Dr Le Feuvre, a GP at Hawkinge and Elham Valley Practice, said: “We take for granted we have the finest system of general practice in the world. Most of us trust and respect our GPs, but it’s not always the same in India.
“If you are poor, you will be treated in a rural Government clinic by a doctor who has only the basic medical qualification. You may have walked many miles to a clinic which may have no water or electricity and the pharmacy may not have the medicines you need.
“Anyone who has an illness and little money will pay or borrow money to go to see a specialist because they often do not have confidence or respect for their local doctor, even for a minor ailment. They will pay to see a specialist which risks having to pay for unnecessary tests and operations.
“The worst I have seen is a woman who was having irregular periods. She had no internal investigations or tests, but was told she had cancer and it cost her thousands of rupees to have a hysterectomy.
“It is rare to find co-ordinated care, preventive medicine, regular blood pressure checks and most people have no relationship with their local doctor.
"These doctors have the technical skills but it’s about putting them into practice. It’s back to care and compassion – and that’s what the people on our course are motivated by. Hopefully the course will change attitudes to family medicine so it starts to be regarded as a specialty in its own right.”
While candidates study most of the course through distance learning, on three occasions in their two year programme, they must come together for a 10 day face-to-face teaching programme in one of 10 Indian cities. Peter and Sarah were with candidates in Hyderabad, Andhra Pradesh in February and Cochin, Kerala in July.

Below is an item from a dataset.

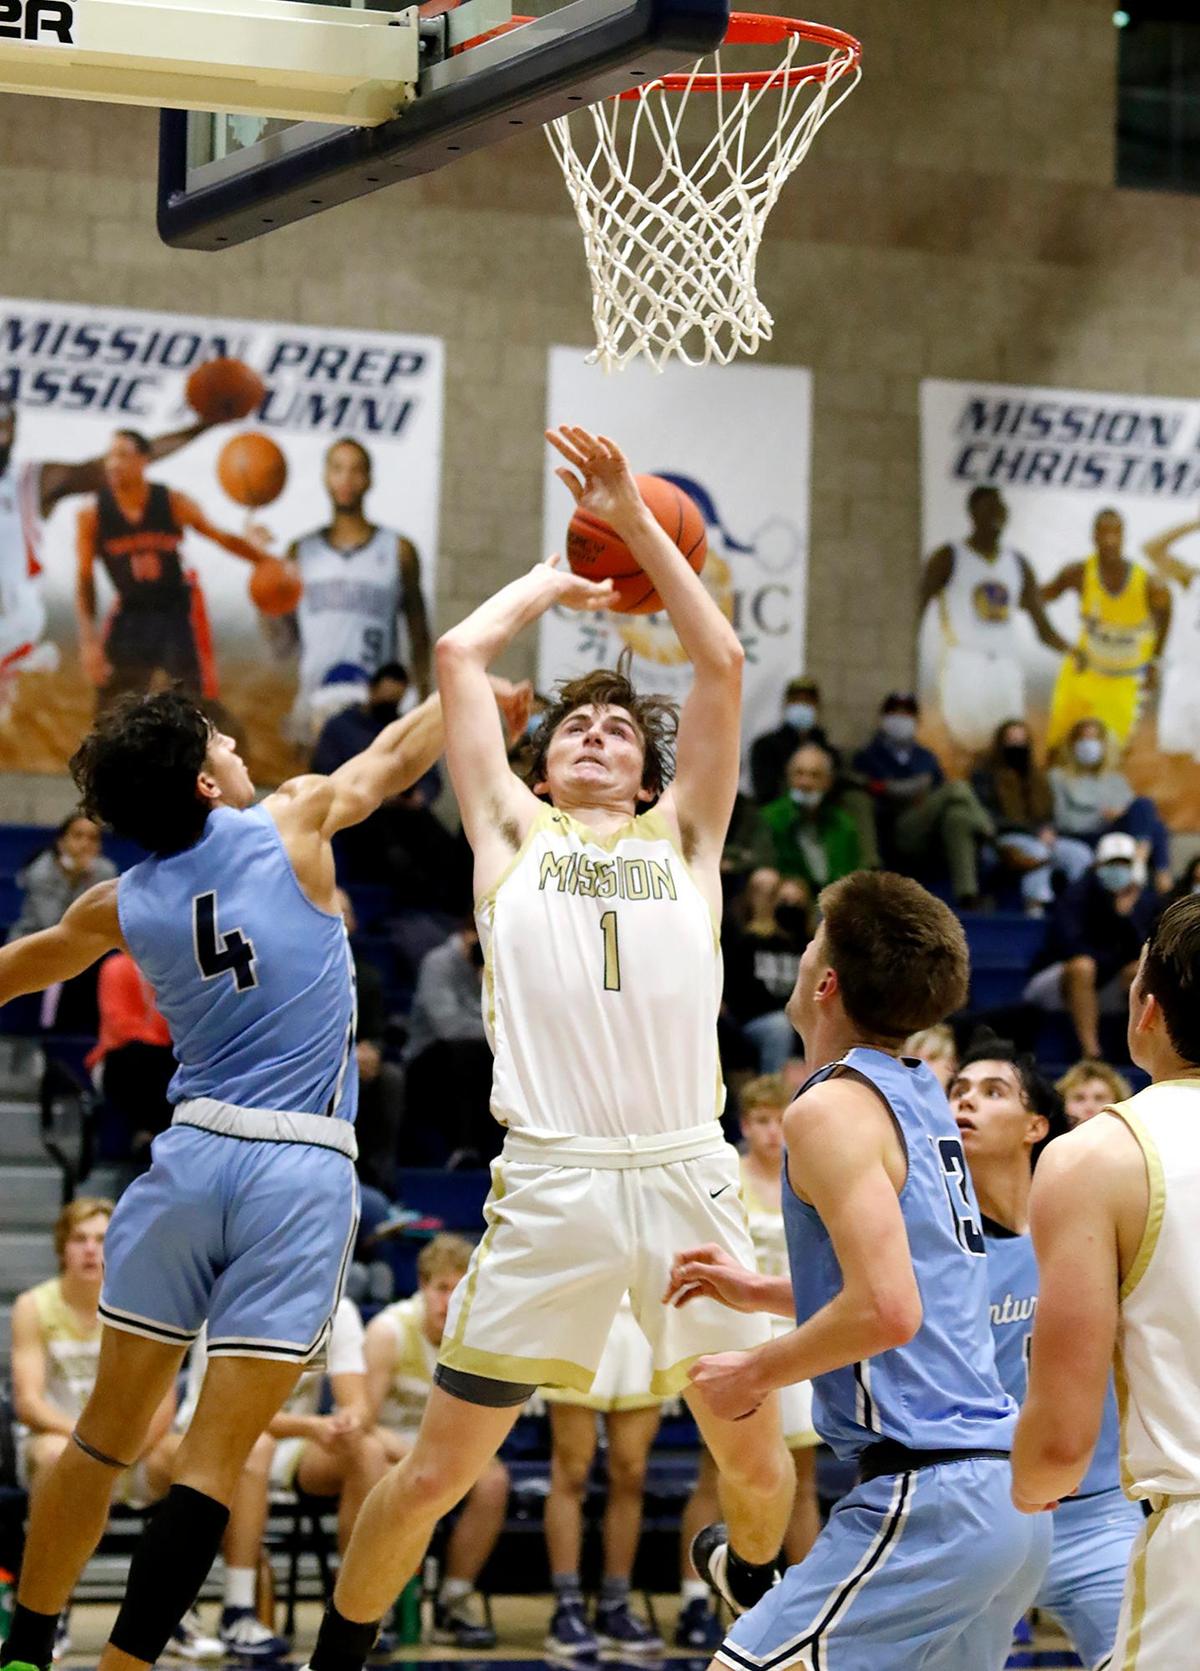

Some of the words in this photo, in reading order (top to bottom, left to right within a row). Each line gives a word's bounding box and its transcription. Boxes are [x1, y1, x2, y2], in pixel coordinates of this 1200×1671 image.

Dr Le Feuvre said: “We focus on work around clinical decisions, and the importance of evidence-based medicine, including the latest NICE guidance.
“The doctors are accustomed to traditional teaching methods which tend to be passive, so we do a lot of role play work so they can put new skills into action, for example, how to break bad news.We also debate ethical principles.
“While they face very different conditions to us – patient poverty, a lack of drugs and investigations or tests being available – the middle class is growing and the rich Indian food means many are overweight. So, with a growing diabetes epidemic, some of the work is around how to manage diabetes and hypertension.
“It’s just Sarah and I who deliver the course alongside a local coordinator to around 15 doctors, but every afternoon we have a telelink to Vellore and connect with around 150 to 200 doctors across India to share skills, which is fantastic.”
The couple, who also worked in Tunisia for four years and with asylum seekers in east Kent for almost a decade, are hoping to work for the World Health Organisation to set up a system of family medicine in Iraq.
In 1990 they set up a charity to support a centre for 150 handicapped children in one of the poorest parts of Andhra Pradesh, a southern India state.
Dr Le Feuvre added: “We will return to India in November The centre is an amazing place. The children, who are usually those of landless daily labourers, are incredibly resilient and help each other. Polio has been eradicated but there are a lot of children with deafness, learning difficulties and cerebral palsy.
“This work certainly keeps us grounded.”